Install Mechanism×2How does the skill arrive on your machine? Does it run install-time hooks, post-install scripts, or fetch remote code — or is it plain, inspectable text installed through a transparent, version-pinned mechanism?Ships as human-readable Markdown/YAML through an open-source, version-pinned package with no install-time code execution of its own, so you can read exactly what you installed before you run it.
Credentials×2Does the skill read environment variables, request API keys or tokens, embed secrets, or otherwise touch credentials — and if so, is that handling minimal, disclosed, and necessary?No credential surface at all: it reads no environment variables, asks for no keys or tokens, embeds no secrets, and needs none to do its job.
Persistence & Privilege×1Does the skill hold state between runs, write to disk outside your explicit output, escalate privileges, or run with more access than the task requires?Stateless and least-privilege: nothing retained between runs, nothing written to disk unless you ask for it, and any bundled calculator is pure, standard-library code with no privileged access.

Weights reflect blast radius: a skill's purpose, instruction scope, and how it arrives on your machine matter more than whether it writes a file. Scores are 1–5 per dimension; the weighted total is normalized to a 0–5 scale (weights sum to 11). ≥ 4.0 = Verified, 3.0–3.99 = Caution, below 3.0 = Flagged. This is the rubric we publish; it is not a claim that any skill has been run through it.

The score

How the weighted score is computed.

Each dimension is scored 1–5. The scores are weighted, summed, and divided by the sum of the weights (11) to normalize back onto a 0–5 scale:

(Purpose & Capability × 3) + (Instruction Scope × 3) + (Install Mechanism × 2) + (Credentials × 2) + (Persistence & Privilege × 1)
  ÷ 3 + 3 + 2 + 2 + 1  (= 11)  →  score on a 0–5 scale

Thresholds: ≥ 4.0 is Verified, 3.0–3.99 is Caution, and below 3.0 is Flagged.

Verdicts

Three outcomes.

Verified
≥ 4.0

Tightly scoped, no credential surface, transparent install. The kind of skill you can read and run with confidence.

Caution
3.0 – 3.99

Useful but with a wider surface — broader instructions, an install hook, or some state. Read it before pointing it at sensitive data.

Flagged
< 3.0

A capability, scope, or credential concern serious enough that it would not be listed without changes. Treat with care.

By the numbers

The catalog and the methodology.

These figures describe the catalog and the trust methodology. They are not live audit results — no per-skill security audits have been completed yet.

127
skills in catalog
54
agent prompts
16
curated categories
5
trust dimensions in the rubric
11
weighted-score denominator
Apache-2.0
license
One audit, end to end

How the rubric scores a real skill.

Representative example — illustrative methodology, not a live audit record. This shows how the rubric would score one skill. No score here reflects a completed audit, and this result is not stored, tracked, or shown on the skill's own page.
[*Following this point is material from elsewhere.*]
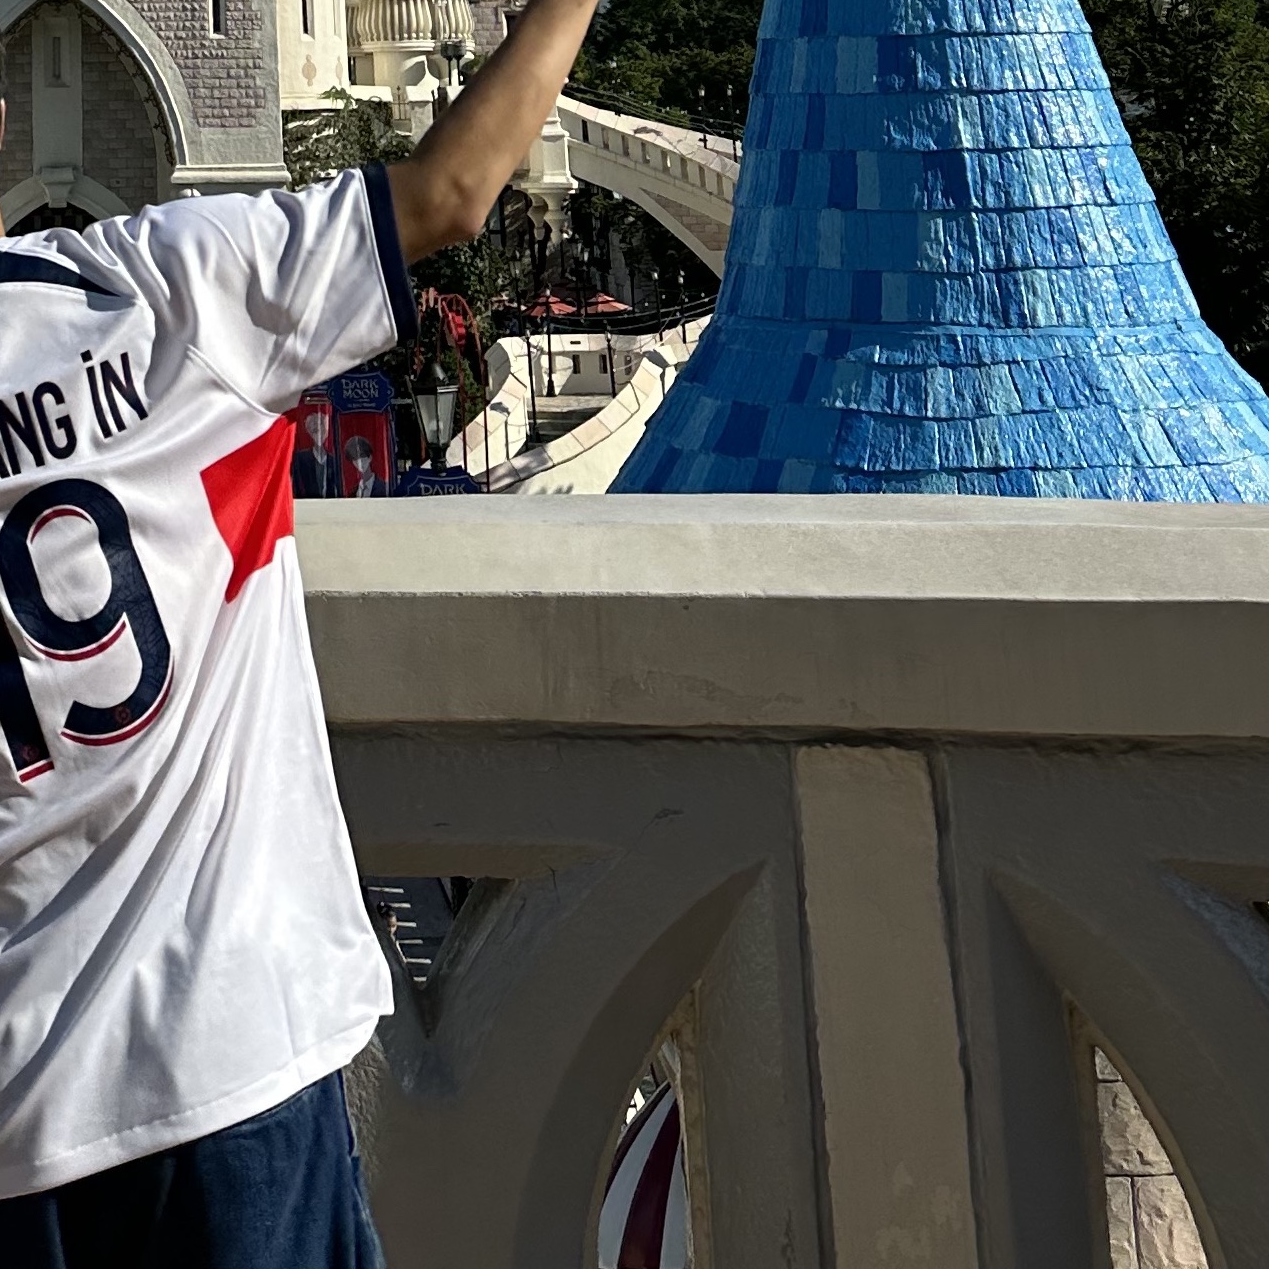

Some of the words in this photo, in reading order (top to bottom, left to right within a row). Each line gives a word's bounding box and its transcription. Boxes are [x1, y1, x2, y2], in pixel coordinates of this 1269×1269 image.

Illustrative: Verified-tier
Deal QuickScreen4.55 / 5 (50/55 weighted)

Subject: the deal-quick-screen skill's security and trust surface (what the skill itself can read, run, or persist) — not the quality of the deal verdicts it produces.
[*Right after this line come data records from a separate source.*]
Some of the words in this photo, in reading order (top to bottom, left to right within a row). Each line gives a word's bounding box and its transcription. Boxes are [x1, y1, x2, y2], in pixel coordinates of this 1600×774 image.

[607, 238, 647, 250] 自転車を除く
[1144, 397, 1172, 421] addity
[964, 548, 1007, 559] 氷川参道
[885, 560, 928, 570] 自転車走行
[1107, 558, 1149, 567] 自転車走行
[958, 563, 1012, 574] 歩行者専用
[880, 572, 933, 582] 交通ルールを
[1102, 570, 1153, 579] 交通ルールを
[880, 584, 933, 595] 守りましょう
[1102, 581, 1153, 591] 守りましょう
Purpose & Capability ×35 / 5A read-and-reason prompt library that produces a KEEP/KILL memo from user-supplied deal text; it requests no tool, file, or system capability beyond reading the input it is given.
Instruction Scope ×34 / 5Instructions are tightly bounded to deal screening with explicit do-NOT-trigger guardrails and a conservative-bias rule; one point withheld because, like any prompt, its output is steerable by adversarial input it is asked to summarize.
Install Mechanism ×24 / 5Ships as plain Markdown plus YAML references inside the Apache-2.0 plugin with no install-time hooks of its own; one point withheld because it installs as part of a larger plugin whose hooks the user should review once at the plugin level.
Credentials ×25 / 5Reads no environment variables, requests no API keys or tokens, and contains no secret material; it has no credential surface.
Persistence & Privilege ×15 / 5Holds no state between runs, writes nothing to disk on its own, and the optional calculator it references is pure standard-library Python that reads JSON and prints JSON with no privilege escalation.
deal-quick-screen is a stateless, local, prompt-only skill: it reads the deal text you give it, reasons over a published screening rubric, and returns a one-page KEEP/KILL memo, with no network calls, no credential use, and nothing written to disk on its own. Its trust profile is strong because it asks for no capability beyond reading its input and ships as inspectable Apache-2.0 Markdown. As with any LLM skill, the integrity of its output still depends on the host agent and the accuracy of the material you paste in, so treat its verdict as a fast triage signal — not investment advice — and review the underlying numbers before acting.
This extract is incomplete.